Dio ci conosce a fondo e ci vuol bene, perciò i suoi “no” sono solamente per il nostro vero bene. Aver fiducia nel Signore allora vuol dire fidarci e leggere gli eventi in positivo a qualunque costo e in qualunque situazione. Già a Roma avevano coniato una sentenza a questo proposito, sentenza che io ho fatto scrivere in un mosaico all’entrata del “don Vecchi”: “In spem contra spem”. Bisognerà che me la legga di frequente per non lasciarmi prendere talvolta dall’angoscia o dalla paura dell’ignoto.
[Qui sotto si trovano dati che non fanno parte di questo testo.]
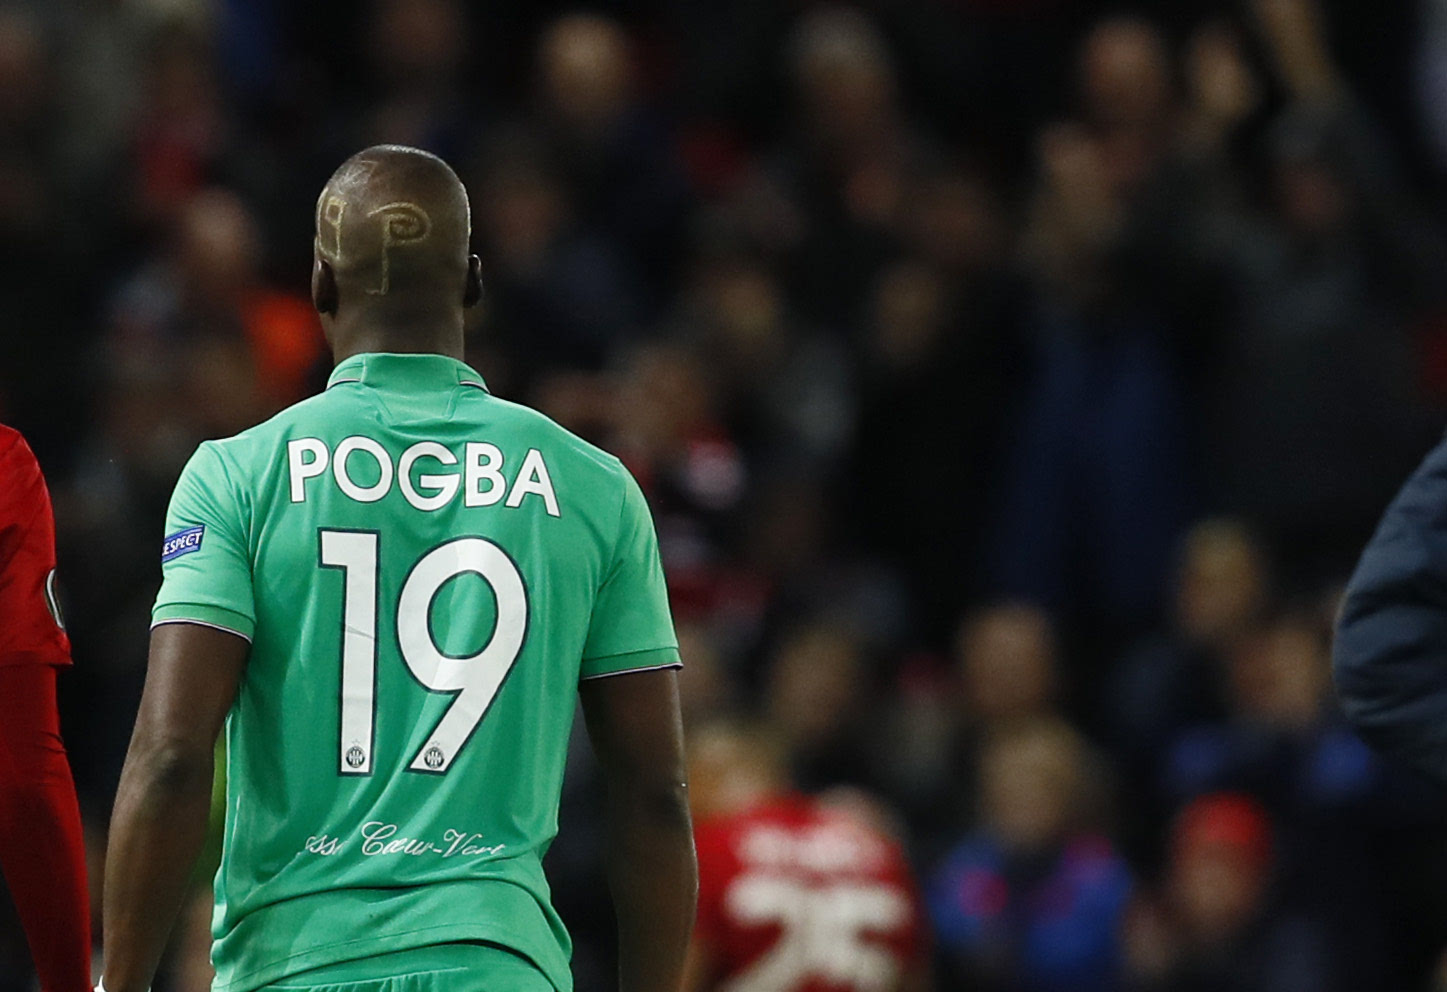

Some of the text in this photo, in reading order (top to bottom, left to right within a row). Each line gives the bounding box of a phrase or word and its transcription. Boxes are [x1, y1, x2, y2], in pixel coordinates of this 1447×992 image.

Dovremmo convertirci tutti quanti alla Parola del Vangelo

“Oh Italia, si bella e perduta!”. Pensavo che si fosse giunti al fondo, invece il mondo politico ed amministrativo che lo rappresenta, pare che sia inesorabilmente risucchiato da un gorgo buio ed infinito!

So che farei meglio a parlare delle margherite che, pur timide e rare, cominciano a sorridere umili e pudiche nei prati, o degli uccelli che, incuranti della crisi, del tempo balordo e delle vicende sociali del nostro Paese, continuano beatamente a danzare in cielo.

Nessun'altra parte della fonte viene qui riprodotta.